[Records from a data source]
***
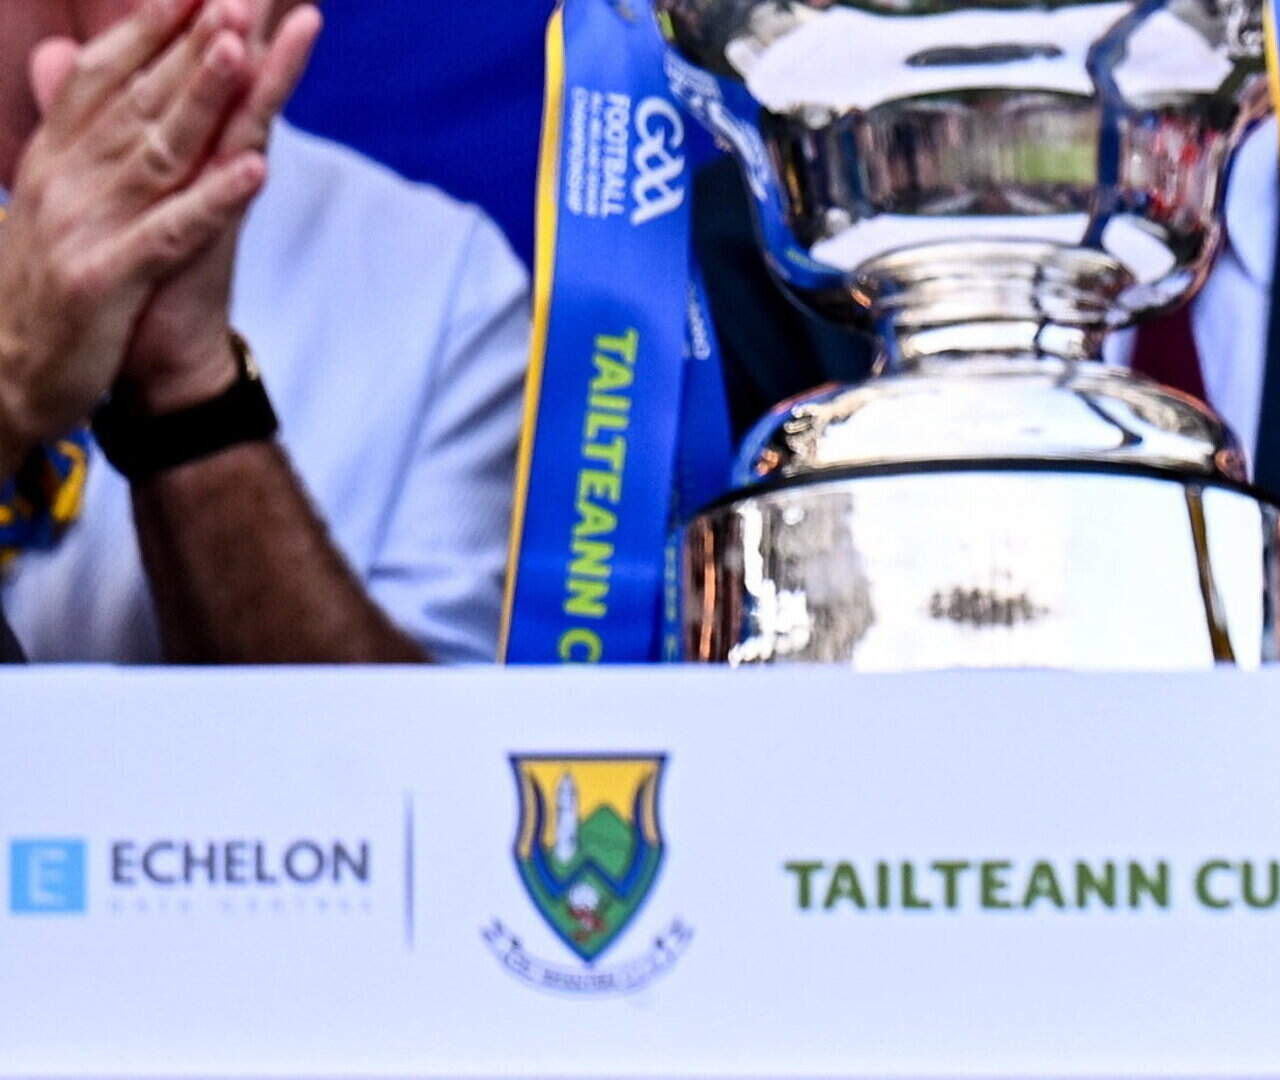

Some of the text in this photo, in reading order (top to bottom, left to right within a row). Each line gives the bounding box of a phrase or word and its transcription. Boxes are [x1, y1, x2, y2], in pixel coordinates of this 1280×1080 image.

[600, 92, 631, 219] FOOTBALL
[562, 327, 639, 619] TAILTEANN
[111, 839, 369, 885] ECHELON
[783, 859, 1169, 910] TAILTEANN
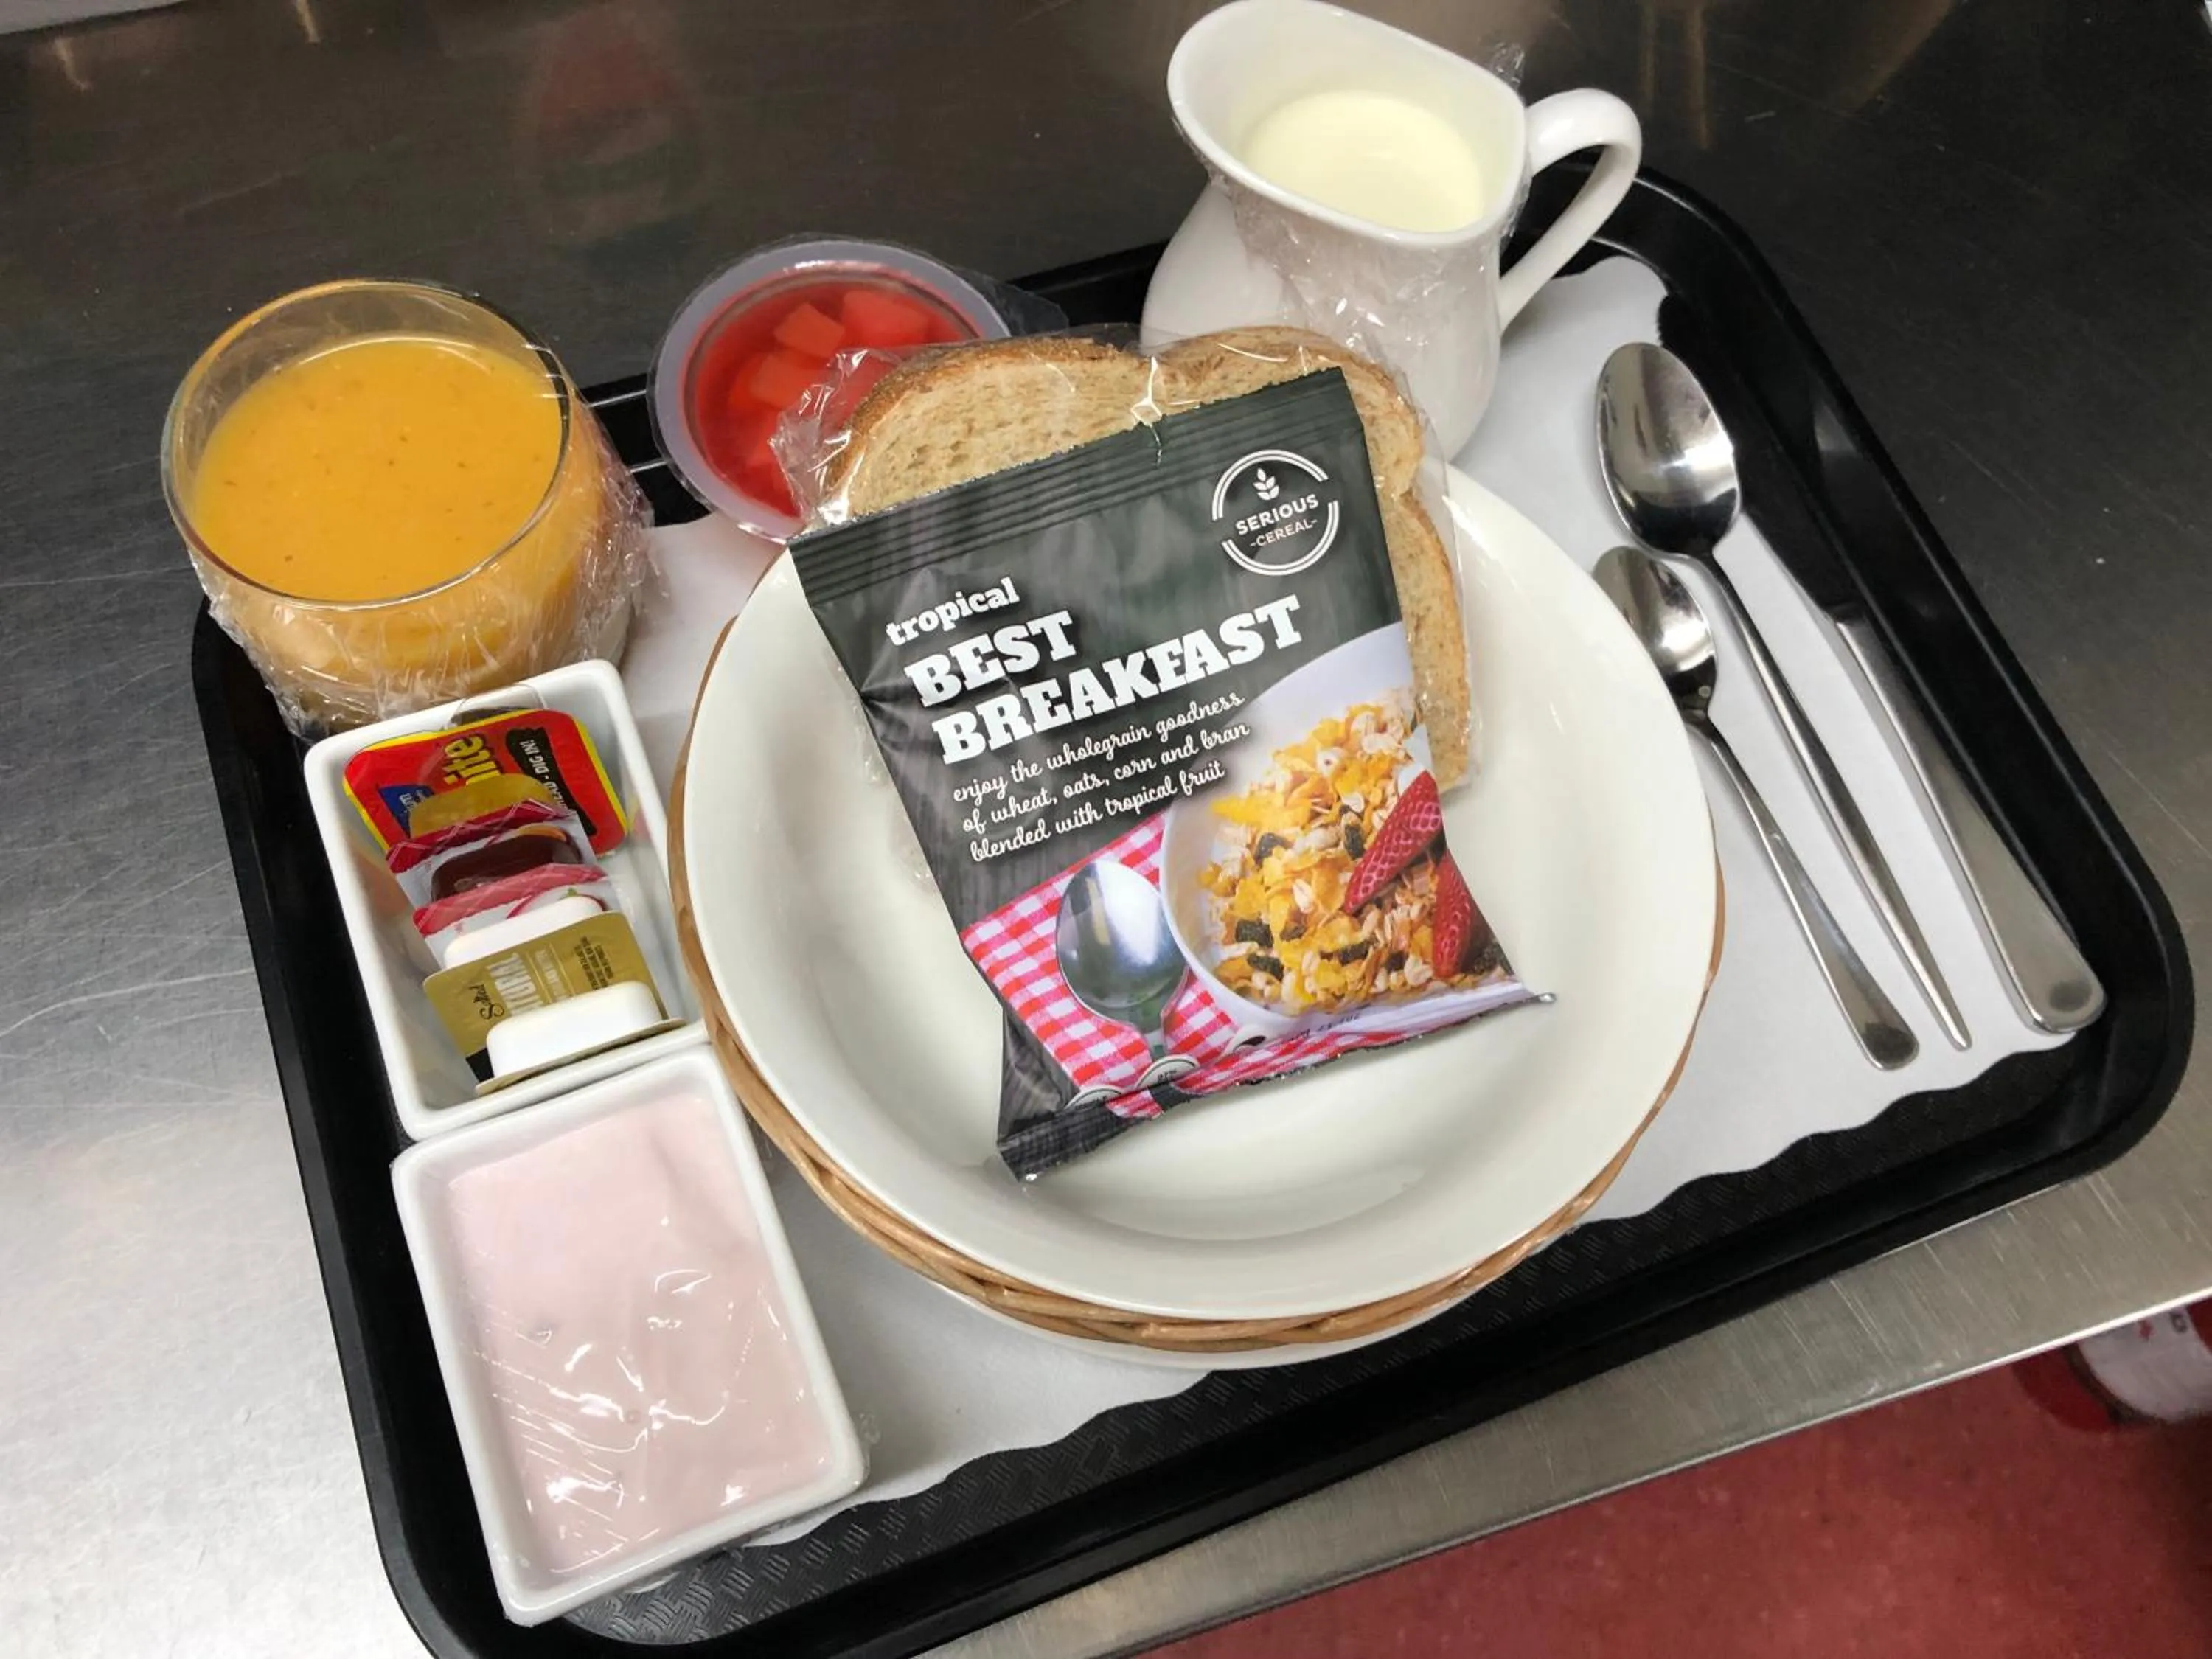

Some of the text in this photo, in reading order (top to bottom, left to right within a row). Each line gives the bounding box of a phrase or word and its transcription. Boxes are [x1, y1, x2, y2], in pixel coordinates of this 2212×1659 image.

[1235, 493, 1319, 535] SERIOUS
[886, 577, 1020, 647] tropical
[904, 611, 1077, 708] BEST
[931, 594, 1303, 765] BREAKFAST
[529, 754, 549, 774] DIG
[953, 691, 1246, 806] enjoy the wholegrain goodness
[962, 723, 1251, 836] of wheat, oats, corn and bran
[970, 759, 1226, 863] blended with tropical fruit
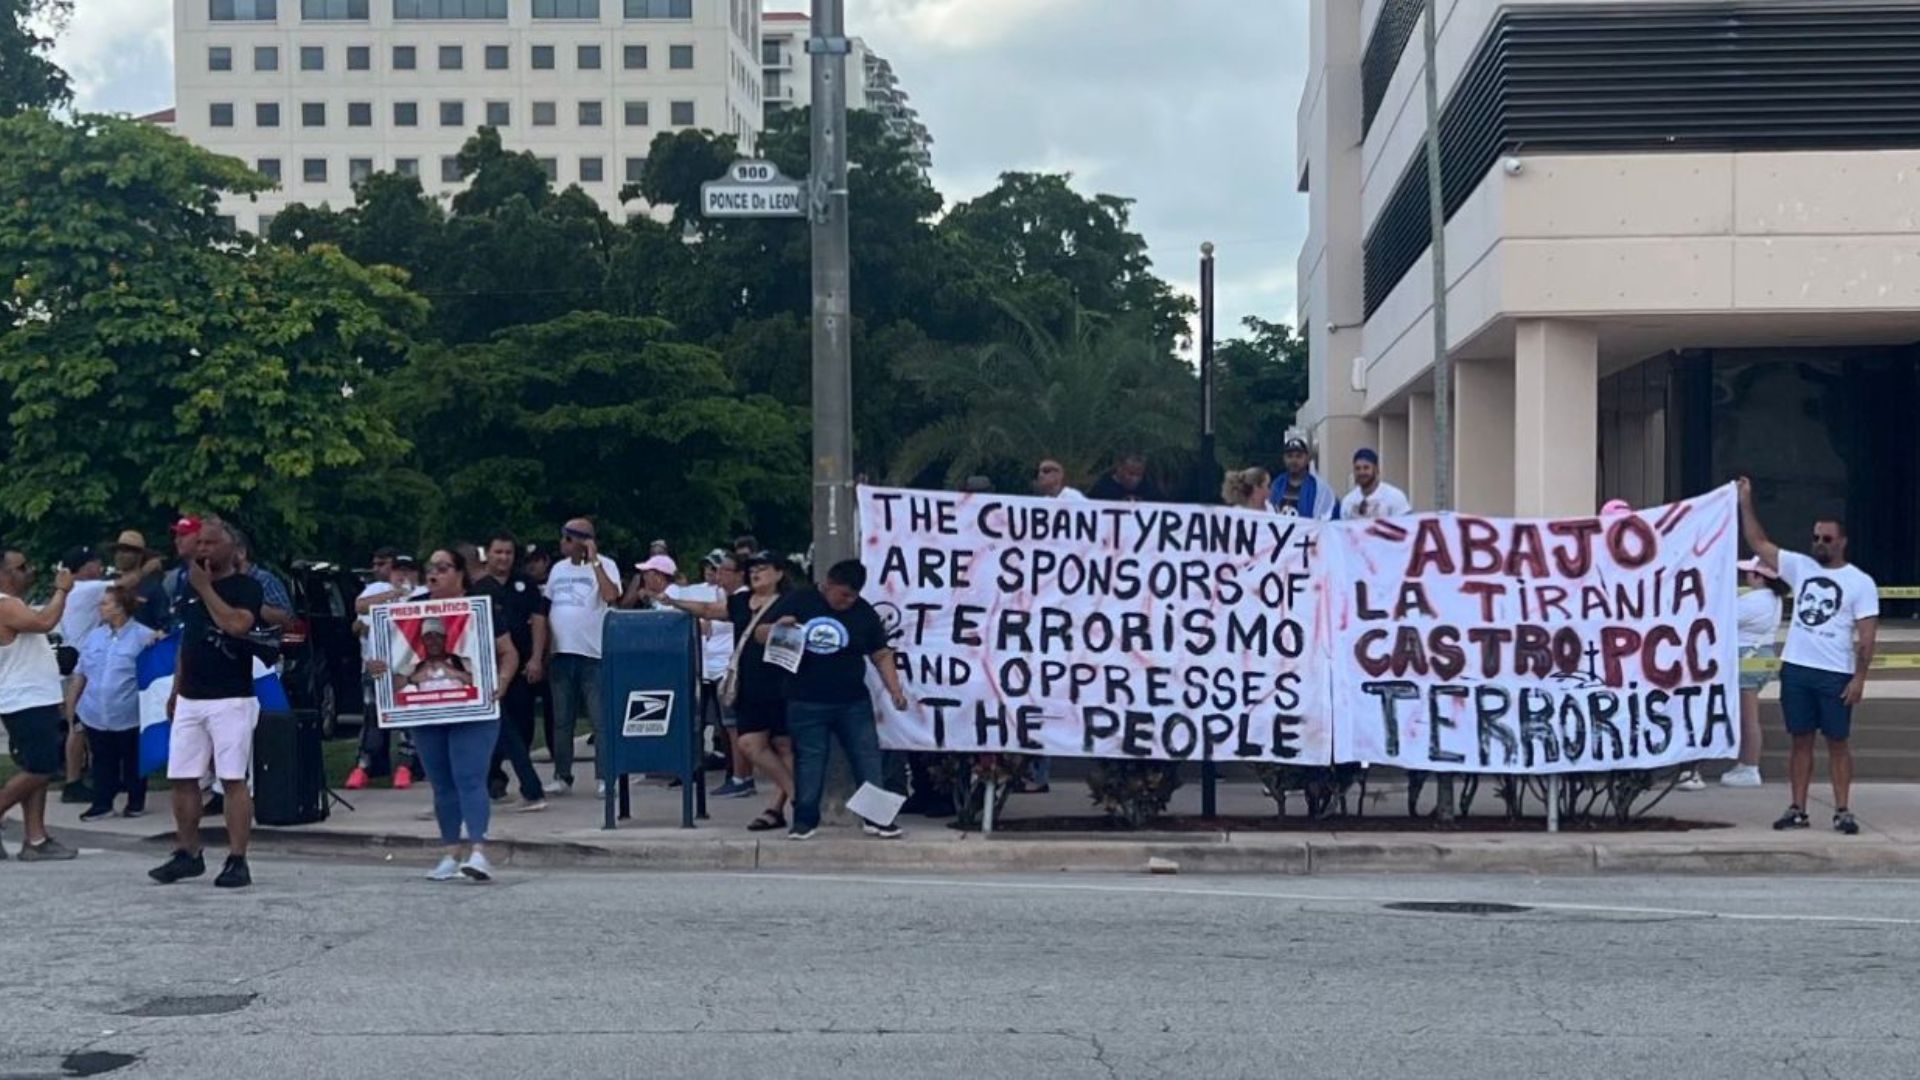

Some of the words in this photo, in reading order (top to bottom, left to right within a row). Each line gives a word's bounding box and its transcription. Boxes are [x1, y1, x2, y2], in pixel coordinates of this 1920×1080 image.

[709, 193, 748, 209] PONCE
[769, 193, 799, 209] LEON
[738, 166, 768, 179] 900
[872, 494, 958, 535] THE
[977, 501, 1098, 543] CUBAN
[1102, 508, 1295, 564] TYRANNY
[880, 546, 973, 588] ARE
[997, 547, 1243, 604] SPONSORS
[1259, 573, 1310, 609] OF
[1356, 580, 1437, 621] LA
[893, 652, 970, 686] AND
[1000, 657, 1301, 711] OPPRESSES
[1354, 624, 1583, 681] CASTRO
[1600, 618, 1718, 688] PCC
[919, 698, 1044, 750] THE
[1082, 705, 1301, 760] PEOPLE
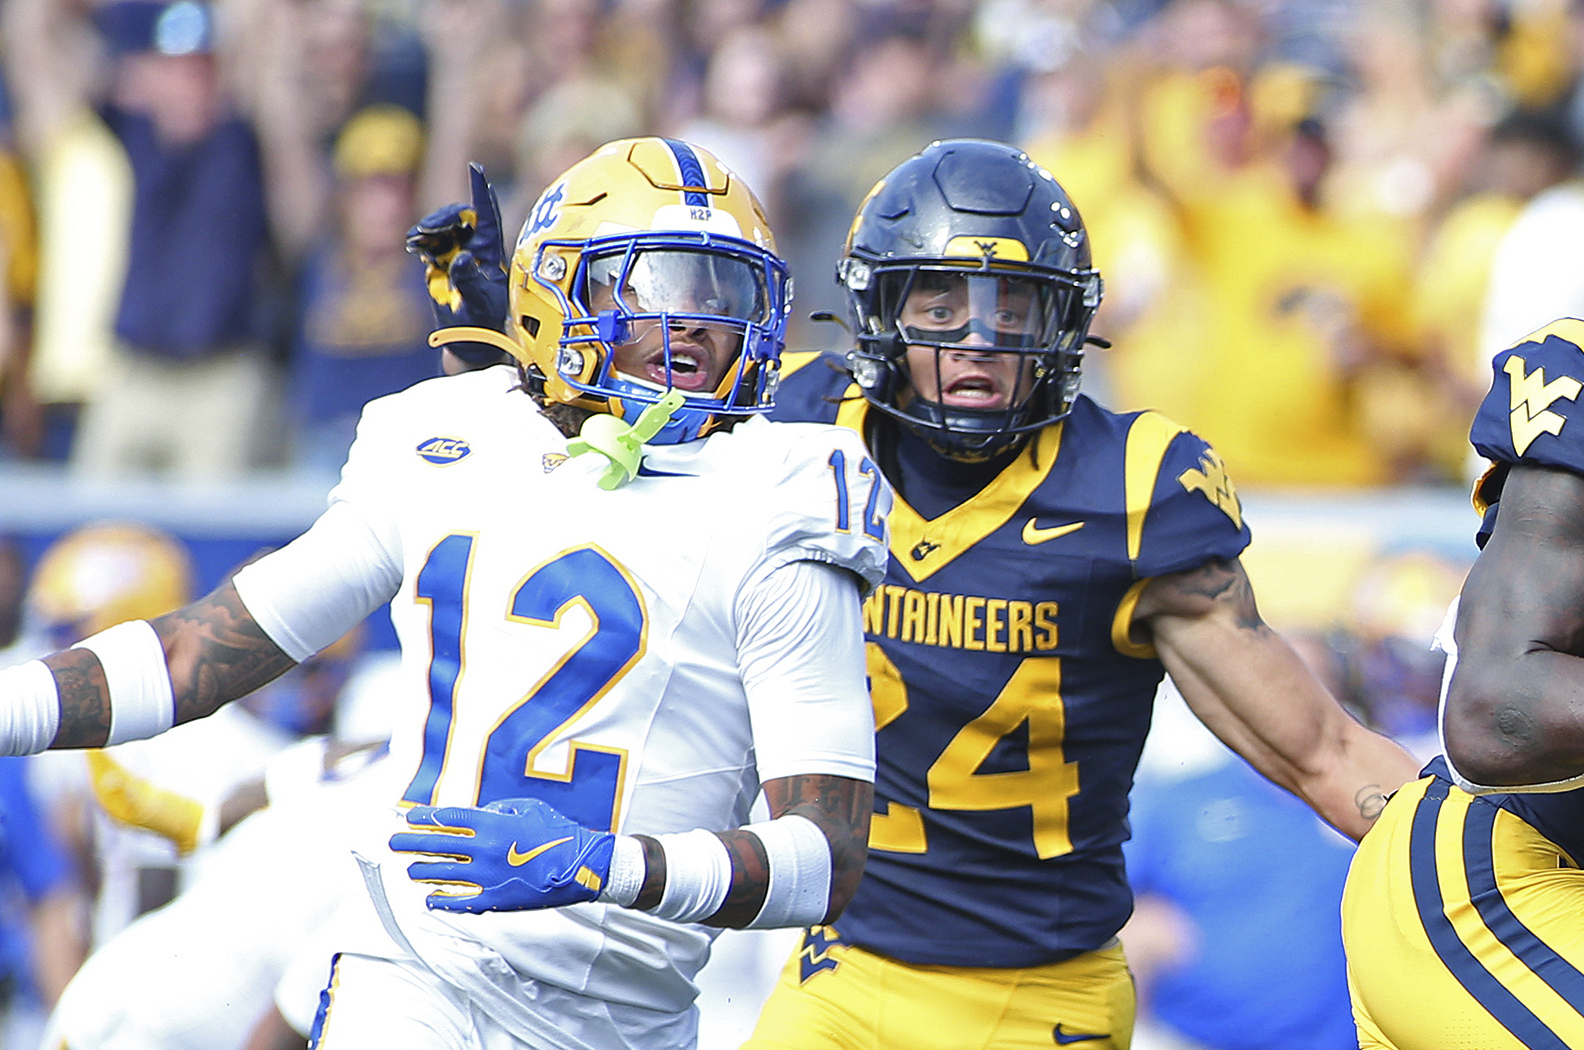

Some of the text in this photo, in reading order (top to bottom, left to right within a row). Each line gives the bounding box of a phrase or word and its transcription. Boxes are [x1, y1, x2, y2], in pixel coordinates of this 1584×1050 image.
***
Please output every entry above exactly, without the pictures.

Output of the task
Some of the text in this photo, in reading order (top to bottom, left to right within a row). Each line gives the bounding box of a phrase or word and its transcription. Boxes are [x1, y1, x2, y2], in pixel coordinates of this 1280×1080 image.

[600, 92, 631, 219] FOOTBALL
[562, 327, 639, 619] TAILTEANN
[111, 839, 369, 885] ECHELON
[783, 859, 1169, 910] TAILTEANN

Some of the text in this photo, in reading order (top to bottom, left to right within a row). Each line gives the bounding box of a phrase or word and its transcription. Boxes are [x1, y1, x2, y2], in pixel coordinates of this 2212×1659 image.

[1235, 493, 1319, 535] SERIOUS
[886, 577, 1020, 647] tropical
[904, 611, 1077, 708] BEST
[931, 594, 1303, 765] BREAKFAST
[529, 754, 549, 774] DIG
[953, 691, 1246, 806] enjoy the wholegrain goodness
[962, 723, 1251, 836] of wheat, oats, corn and bran
[970, 759, 1226, 863] blended with tropical fruit

Some of the words in this photo, in reading order (top to bottom, left to right within a row). Each line gives a word's bounding box and its transcription. Boxes are [x1, y1, x2, y2], in pixel coordinates of this 1920×1080 image.

[709, 193, 748, 209] PONCE
[769, 193, 799, 209] LEON
[738, 166, 768, 179] 900
[872, 494, 958, 535] THE
[977, 501, 1098, 543] CUBAN
[1102, 508, 1295, 564] TYRANNY
[880, 546, 973, 588] ARE
[997, 547, 1243, 604] SPONSORS
[1259, 573, 1310, 609] OF
[1356, 580, 1437, 621] LA
[893, 652, 970, 686] AND
[1000, 657, 1301, 711] OPPRESSES
[1354, 624, 1583, 681] CASTRO
[1600, 618, 1718, 688] PCC
[919, 698, 1044, 750] THE
[1082, 705, 1301, 760] PEOPLE

Some of the text in this photo, in reading order (top to bottom, left to right within a row). Each line gives the bounding box of a phrase or word and its transcription. Boxes are [x1, y1, x2, y2], in pixel coordinates of this 1584×1050 image.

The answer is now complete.